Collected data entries
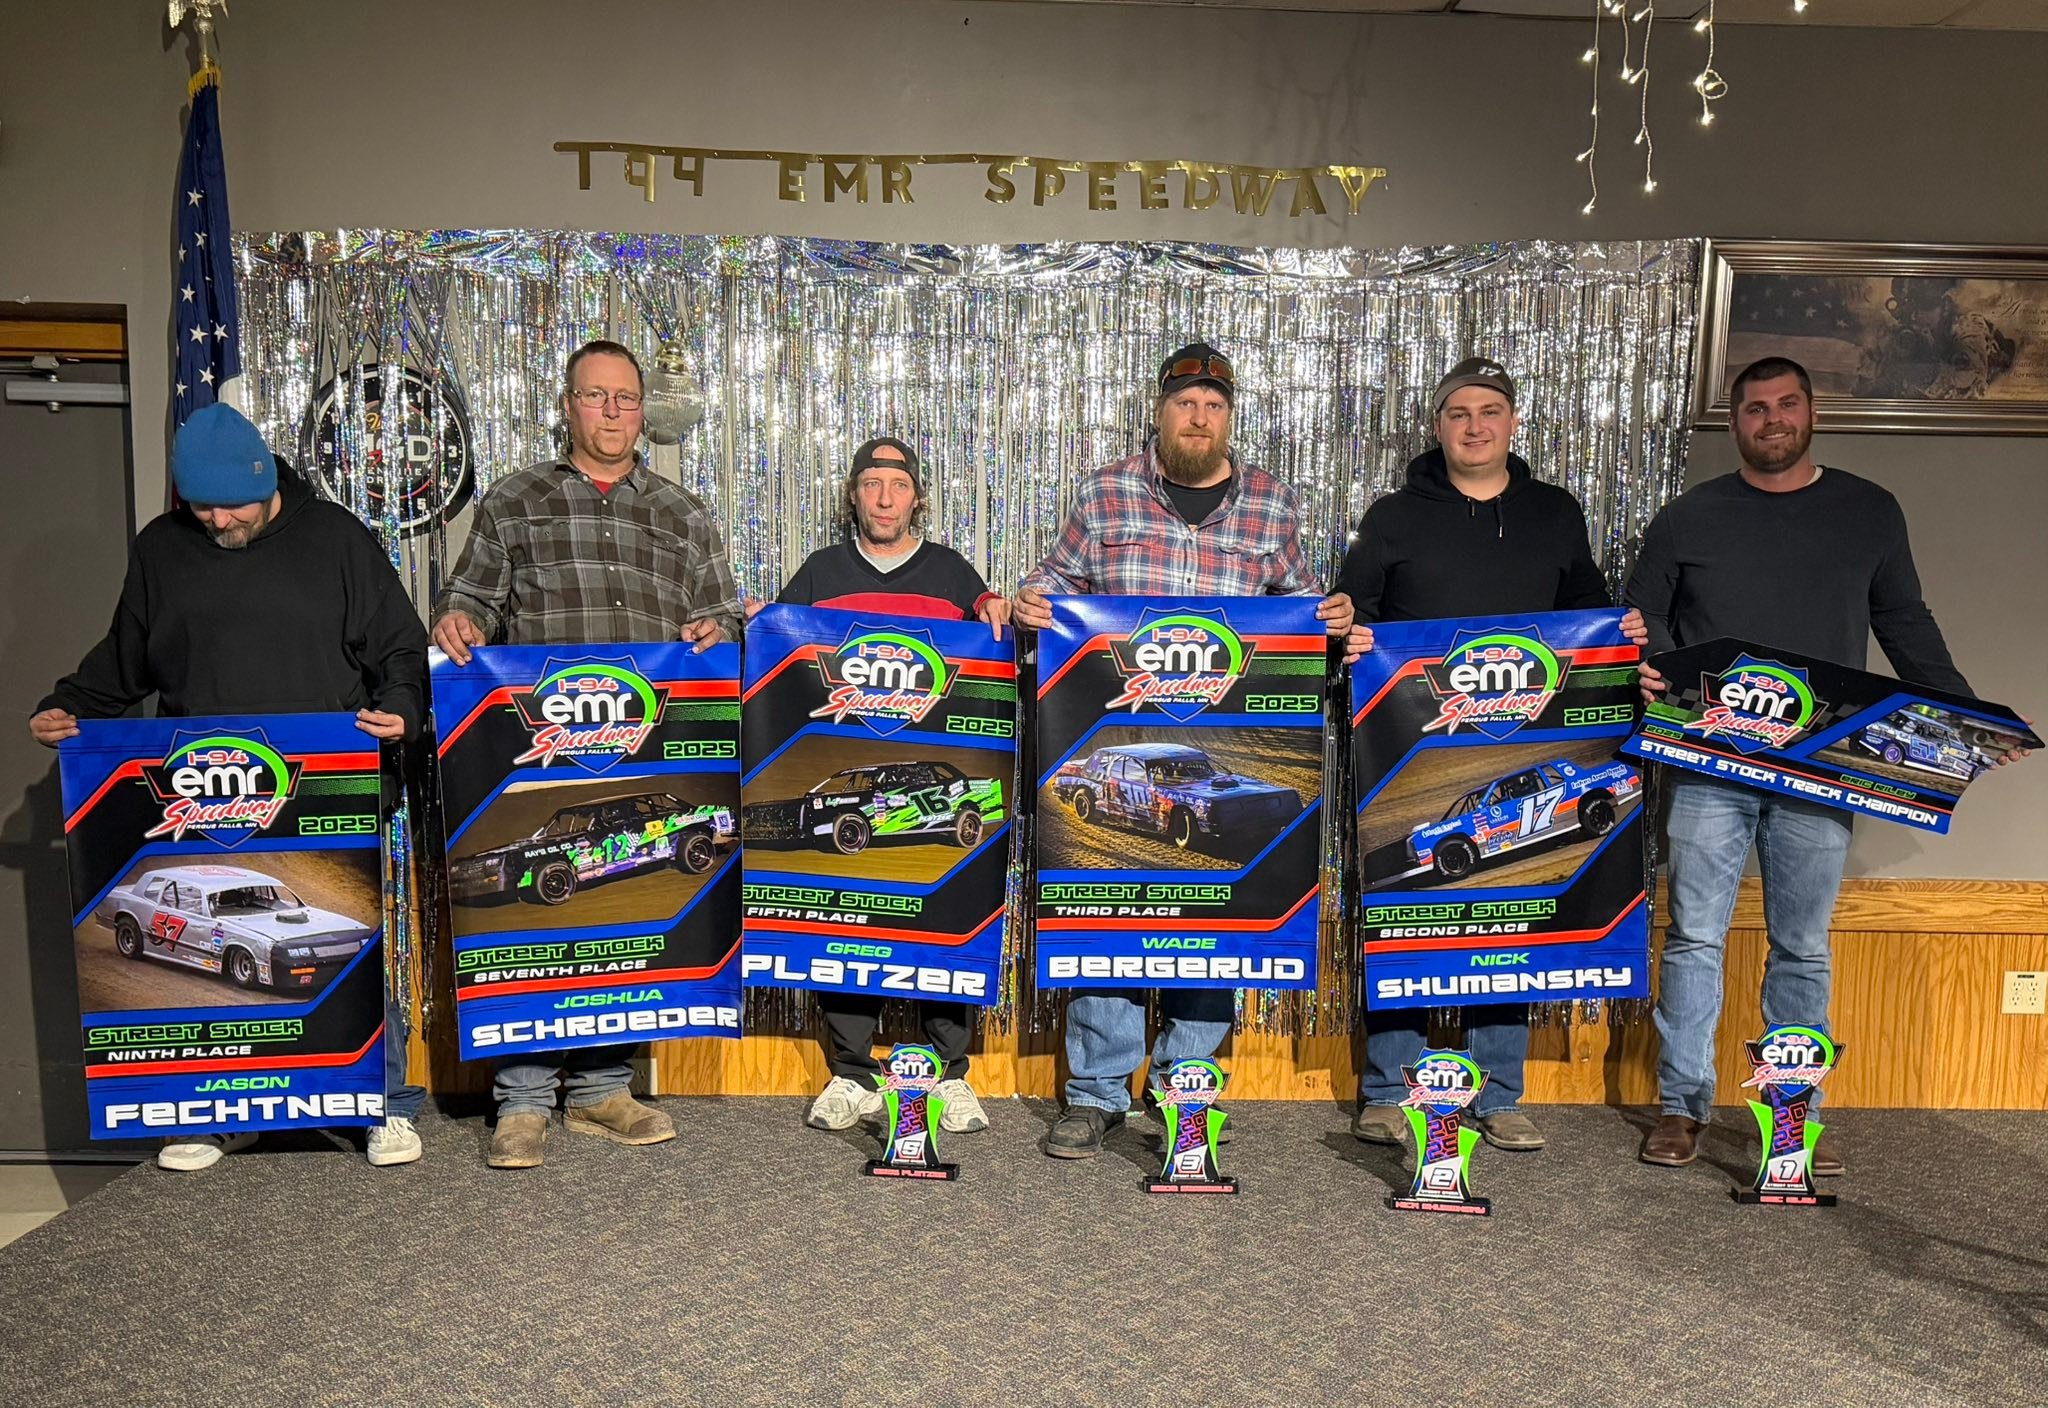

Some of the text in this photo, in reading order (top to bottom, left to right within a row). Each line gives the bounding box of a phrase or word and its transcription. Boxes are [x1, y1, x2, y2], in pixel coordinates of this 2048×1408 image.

[779, 154, 915, 203] EMR
[985, 161, 1378, 217] SPEEDWAY
[1151, 628, 1208, 643] I-94
[859, 643, 913, 662] I-94
[1135, 643, 1220, 672] emr
[1466, 647, 1522, 662] I-94
[841, 657, 925, 690] emr
[1450, 661, 1534, 692] emr
[1739, 672, 1787, 693] I-94
[558, 678, 619, 693] I-94
[1105, 671, 1239, 715] Speedway
[542, 693, 632, 723] emr
[809, 685, 942, 725] Speedway
[1245, 695, 1319, 712] 2025
[1720, 683, 1794, 719] emr
[1422, 689, 1555, 736] Speedway
[1564, 704, 1634, 726] 2025
[946, 715, 1014, 737] 2025
[1645, 725, 1684, 740] 2025
[1683, 706, 1804, 746] Speedway
[513, 721, 654, 768] Speedway
[663, 741, 736, 760] 2025
[187, 750, 249, 765] I-94
[172, 766, 262, 796] emr
[1716, 760, 1776, 784] STOCK
[145, 795, 287, 843] Speedway
[1516, 782, 1566, 841] 17
[299, 815, 377, 835] 2025
[839, 891, 923, 913] STOCK
[1147, 885, 1231, 900] STOCK
[747, 907, 869, 924] FIFTH PLACE
[1055, 906, 1181, 917] THIRD PLACE
[1471, 899, 1556, 917] STOCK
[151, 912, 188, 952] 57
[1380, 923, 1529, 938] SECOND PLACE
[574, 935, 665, 958] STOCK
[826, 942, 893, 958] GREG
[1142, 937, 1217, 949] WADE
[1470, 953, 1530, 967] NICK
[474, 960, 647, 983] SEVENTH PLACE
[554, 988, 664, 1009] JOSHUA
[210, 1020, 303, 1038] STOCK
[108, 1045, 252, 1062] NINTH PLACE
[1762, 1044, 1820, 1065] emr
[890, 1060, 931, 1076] emr
[195, 1076, 290, 1092] JASON
[1170, 1074, 1212, 1090] emr
[1416, 1069, 1467, 1089] emr
[902, 1140, 922, 1156] 5
[1181, 1155, 1201, 1171] 3
[1780, 1159, 1797, 1180] 1
[1430, 1167, 1455, 1187] 2
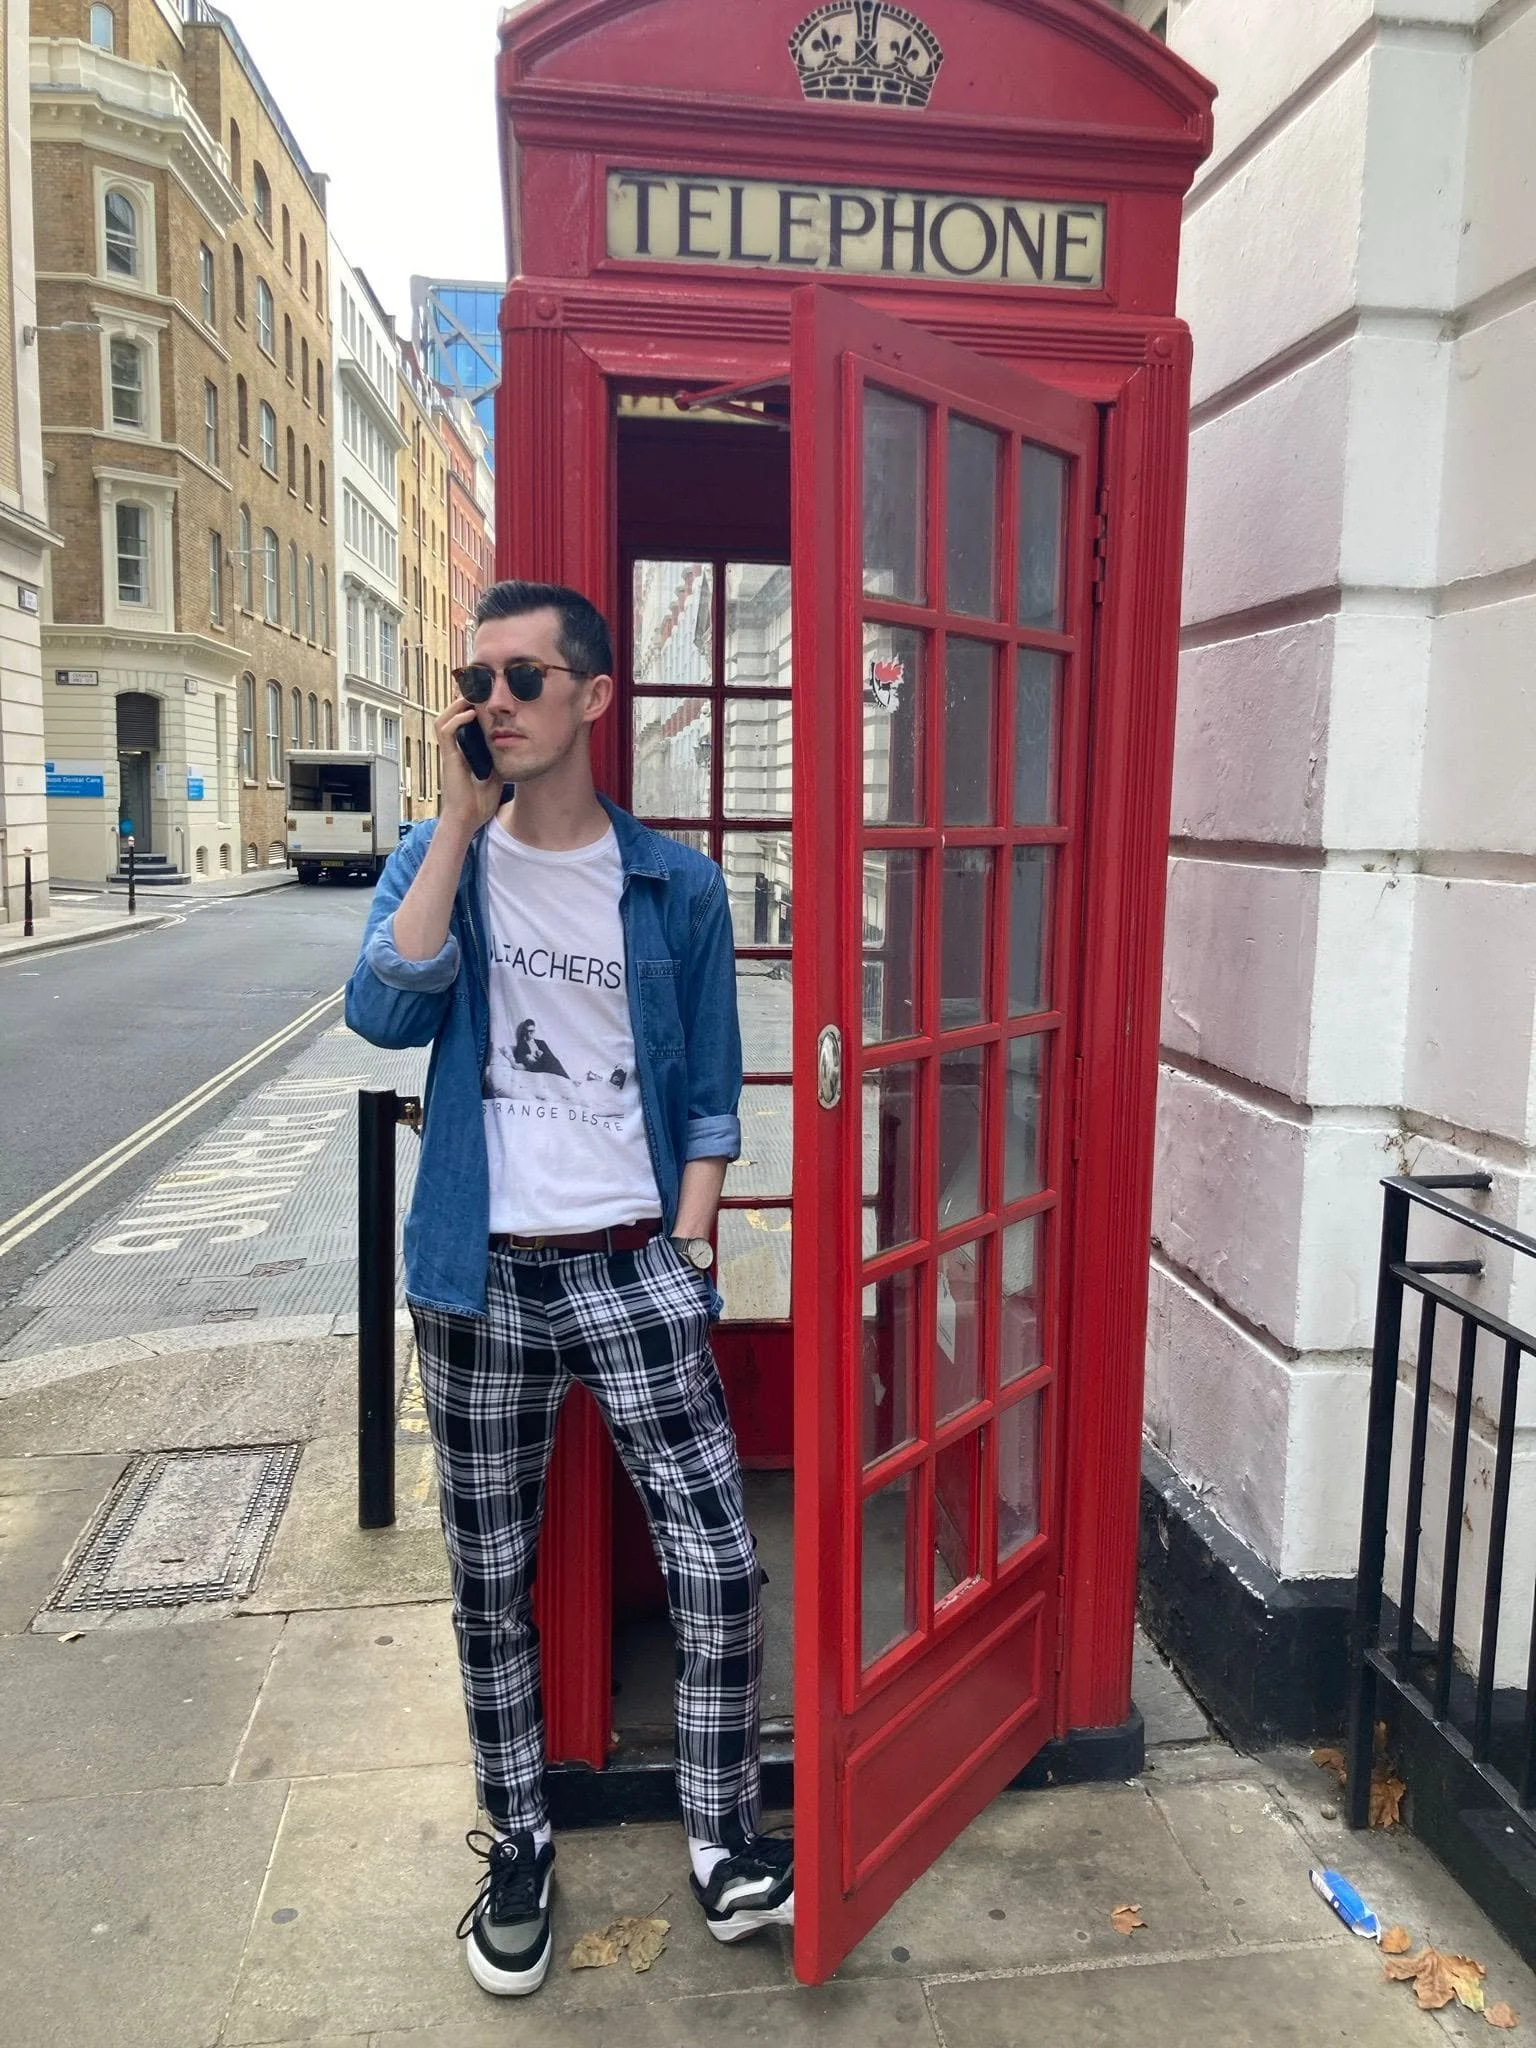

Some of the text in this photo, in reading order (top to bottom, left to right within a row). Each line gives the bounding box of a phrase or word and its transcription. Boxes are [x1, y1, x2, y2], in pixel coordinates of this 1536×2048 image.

[619, 178, 1096, 283] TELEPHONE
[489, 935, 622, 989] LACHERS
[482, 1103, 624, 1131] SRANGE DESRE
[91, 1074, 371, 1255] NO PARKING
[83, 1554, 108, 1575] POST

_Exercise goal_. Output all data exactly, omitting images.

_Solution_.
Some of the text in this photo, in reading order (top to bottom, left to right within a row). Each line gives the bounding box of a phrase or word and its transcription. Boxes are [x1, y1, x2, y2], in pixel coordinates of this 2048×1408 image.

[779, 154, 915, 203] EMR
[985, 161, 1378, 217] SPEEDWAY
[1151, 628, 1208, 643] I-94
[859, 643, 913, 662] I-94
[1135, 643, 1220, 672] emr
[1466, 647, 1522, 662] I-94
[841, 657, 925, 690] emr
[1450, 661, 1534, 692] emr
[1739, 672, 1787, 693] I-94
[558, 678, 619, 693] I-94
[1105, 671, 1239, 715] Speedway
[542, 693, 632, 723] emr
[809, 685, 942, 725] Speedway
[1245, 695, 1319, 712] 2025
[1720, 683, 1794, 719] emr
[1422, 689, 1555, 736] Speedway
[1564, 704, 1634, 726] 2025
[946, 715, 1014, 737] 2025
[1645, 725, 1684, 740] 2025
[1683, 706, 1804, 746] Speedway
[513, 721, 654, 768] Speedway
[663, 741, 736, 760] 2025
[187, 750, 249, 765] I-94
[172, 766, 262, 796] emr
[1716, 760, 1776, 784] STOCK
[145, 795, 287, 843] Speedway
[1516, 782, 1566, 841] 17
[299, 815, 377, 835] 2025
[839, 891, 923, 913] STOCK
[1147, 885, 1231, 900] STOCK
[747, 907, 869, 924] FIFTH PLACE
[1055, 906, 1181, 917] THIRD PLACE
[1471, 899, 1556, 917] STOCK
[151, 912, 188, 952] 57
[1380, 923, 1529, 938] SECOND PLACE
[574, 935, 665, 958] STOCK
[826, 942, 893, 958] GREG
[1142, 937, 1217, 949] WADE
[1470, 953, 1530, 967] NICK
[474, 960, 647, 983] SEVENTH PLACE
[554, 988, 664, 1009] JOSHUA
[210, 1020, 303, 1038] STOCK
[108, 1045, 252, 1062] NINTH PLACE
[1762, 1044, 1820, 1065] emr
[890, 1060, 931, 1076] emr
[195, 1076, 290, 1092] JASON
[1170, 1074, 1212, 1090] emr
[1416, 1069, 1467, 1089] emr
[902, 1140, 922, 1156] 5
[1181, 1155, 1201, 1171] 3
[1780, 1159, 1797, 1180] 1
[1430, 1167, 1455, 1187] 2

Some of the text in this photo, in reading order (top to bottom, left to right within a row). Each line gives the bounding box of a phrase or word and its transcription. Boxes are [x1, y1, x2, y2], in pixel coordinates of this 1536×2048 image.

[619, 178, 1096, 283] TELEPHONE
[489, 935, 622, 989] LACHERS
[482, 1103, 624, 1131] SRANGE DESRE
[91, 1074, 371, 1255] NO PARKING
[83, 1554, 108, 1575] POST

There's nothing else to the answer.